Изобретение относится к биотехнологии, в частности к ферментной технологии и может найти применение в биотехнологической или молочной промышленности при получении различных типов сыров и творога.
Для получения молокосвертывающих ферментов грибного происхождения в промышленности в основном используют культуры микроскопических мицелиальных грибов родов Mucor, Endothia, Aspergillus, Penicillium, Fusarium. Однако использование в технологии производства ферментов спорообразующих микроскопических грибов сопровождается повышенным риском профзаболеваний персонала (микозы, аллергические реакции), связанным с биологической природой применяемых продуцентов. Помимо этого, использование ферментов из микроскопических грибов часто приводит к получению сыров низкого качества, с легким или выраженным привкусом горечи из-за высокого уровня общего неспецифического протеолиза белков молока.
В настоящее время ведется активный поиск молокосвертывающих ферментов среди продуцентов высших базидиомицетов. Известны продуценты ферментов среди культур высших базидиальных грибов родов Irpex, Trametes, Fomitopsis, Ganoderma, Russula, Coprinus. Мицелий высших грибов в отличие от микроскопических не имеет стадию спорообразования, что значительно упрощает технологию его культивирования, в частности выделения и очистки фермента.
Большинство технологий получения молокосвертывающих ферментов основаны на глубинной ферментации продуцентов. Однако использование технологии твердофазной ферментации позволяет существенно снизить энергозатраты за счет статических условий культивирования продуцентов в простых конструкциях биореакторов. Известно, что около 30-40% стоимости производства ферментов приходится на стоимость питательных сред, поэтому технология твердофазного культивирования мицелия высших грибов является экономически выгодной за счет использования лигноцеллюлозных отходов сельскохозяйственной и деревоперерабатывающей промышленности.

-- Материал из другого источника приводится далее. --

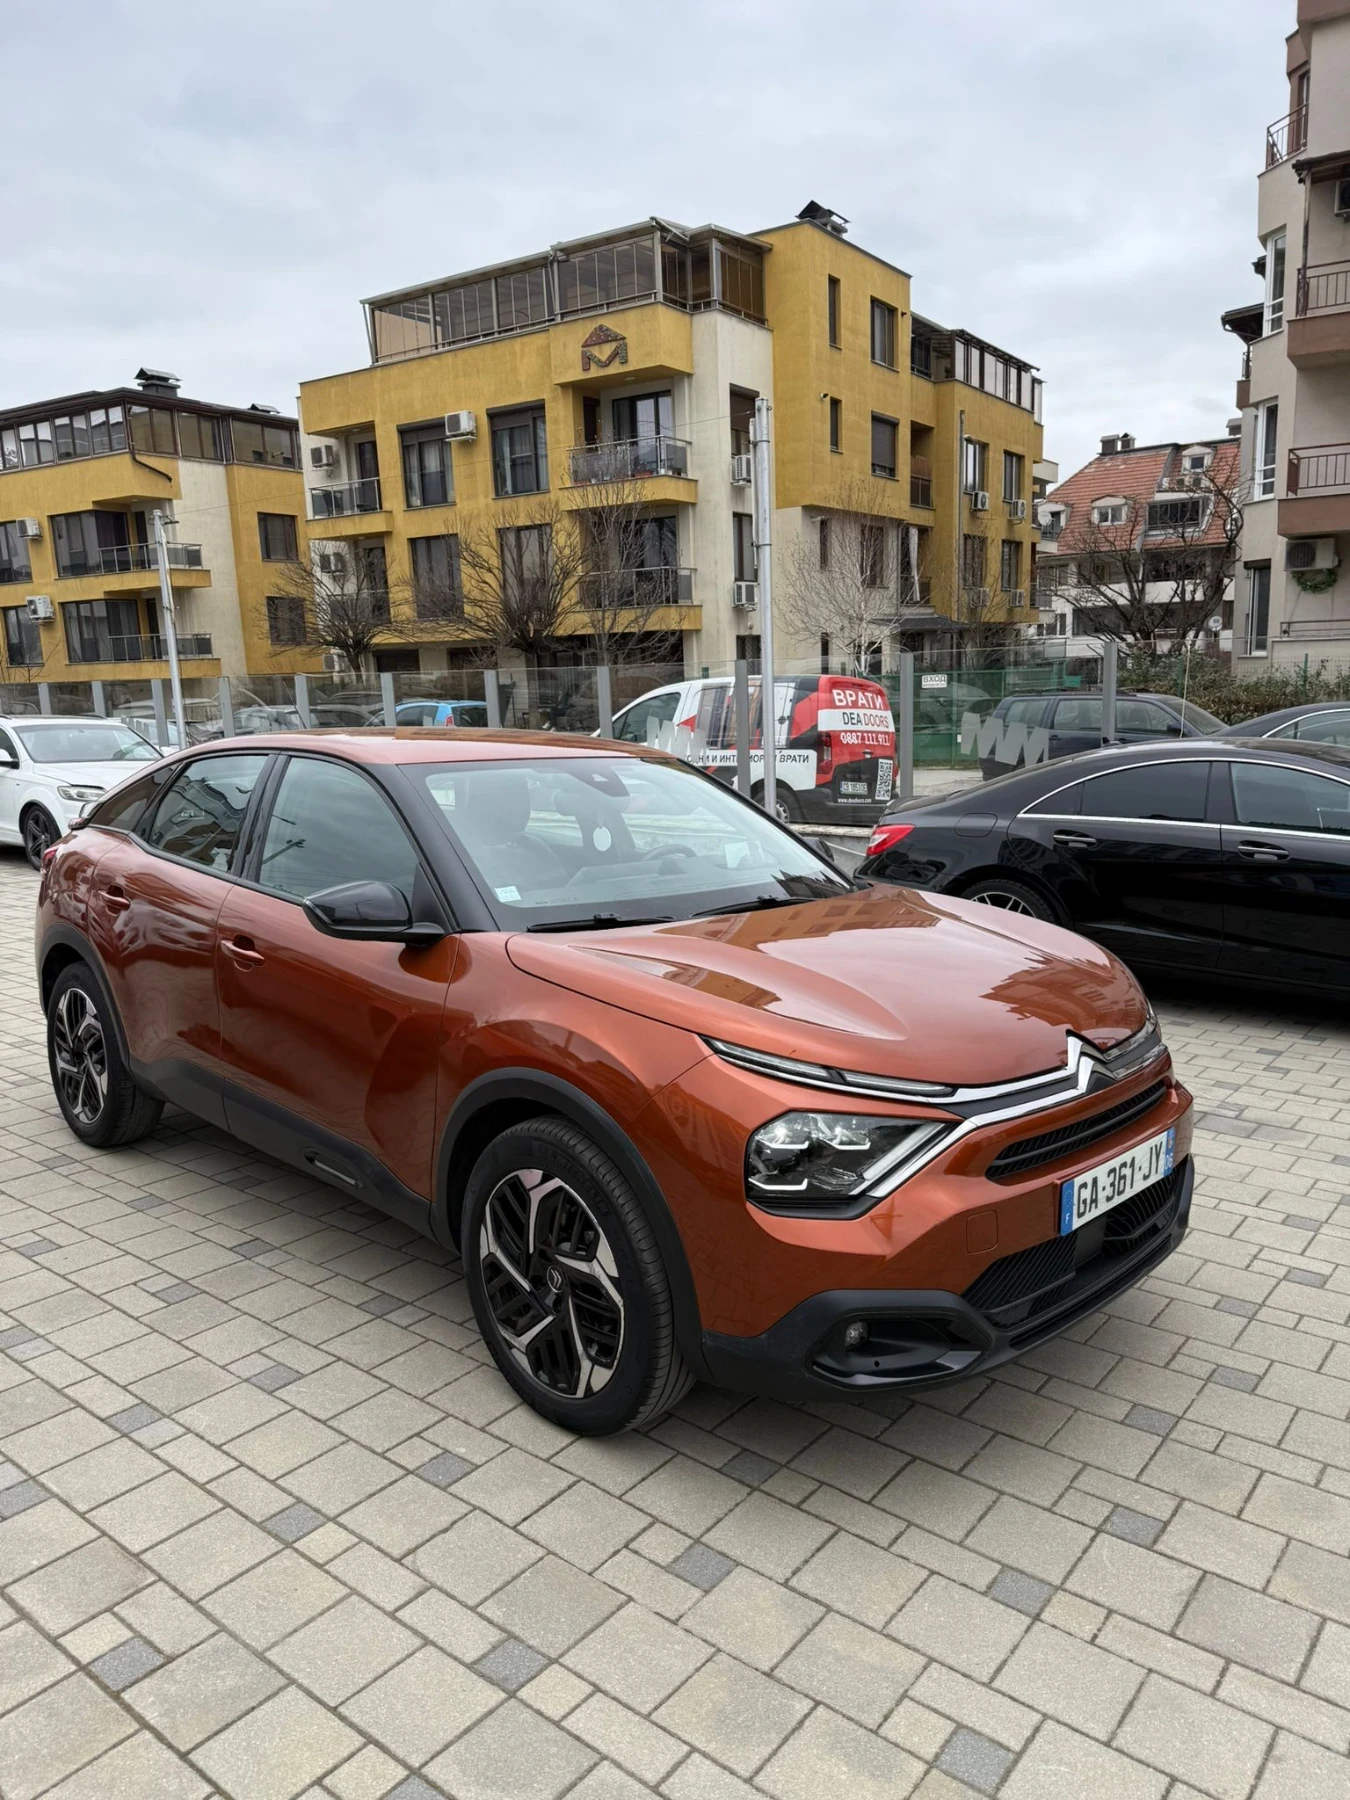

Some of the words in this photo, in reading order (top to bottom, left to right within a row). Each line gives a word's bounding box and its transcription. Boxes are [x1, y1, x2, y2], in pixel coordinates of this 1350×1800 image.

Вышеперечисленные грибы, за исключением Russula и Coprinus, относятся к дереворазрушающим, что дает возможность культивировать мицелий твердофазным способом на лигноцеллюлозных субстратах. Однако из уровня техники известны питательные среды для получения молокосвертывающих ферментов из высших грибов с использованием технологии глубинного культивирования [1, 2]. Питательные среды для твердофазного культивирования высших грибов - продуцентов ферментов молокосверты-вающего действия представлены в ограниченном количестве.
Известна питательная среда для культивирования продуцентов ферментов среди высших грибов Fomitopsis pinicola (штамм АТСС 20036) и Irpex lacteus (штамм IFO 5367). Культивирование биомассы мицелия осуществляют на питательной среде, состоящей из источников углеводов (крахмал, декстрин, сахароза, лактоза, мальтоза, глюкоза, меласса, гидролизат древесины), азота (соли аммония, нитраты, кукурузный отвар, пептон, мясной экстракт, соевый порошок, пшеничные отруби, дрожжи, дрожжевой экстракт, мочевина), минеральных веществ (соли кальция, магния, натрия, цинка, меди, железа) и витаминов [3]. Однако получаемые ферменты на предложенной питательной среде обладают недостаточно высокой молокосвертывающей активностью (МСА) и высокой протеолитической активностью, что приводит к разжижению молочного сгустка в процессе созревания сыра.
Известен субстрат для твердофазного культивирования высших грибов ежовика гребенчатого (Hericium erinaceum), содержащий 100 г пшеничных отрубей и 120 мл дистиллированной воды [4]. Основным недостатком предлагаемого субстрата является продолжительный период культивирования биомассы мицелия (зарастание в течение 14 суток 100 г субстрата) из-за затрудненного воздухообмена, возникающего в результате слипания пшеничных отрубей при добавлении воды. MCA Hericium erinaceum на представленном субстрате зависит от способов выделения, очистки и концентрирования ферментов и составляет до 450 ед/мл.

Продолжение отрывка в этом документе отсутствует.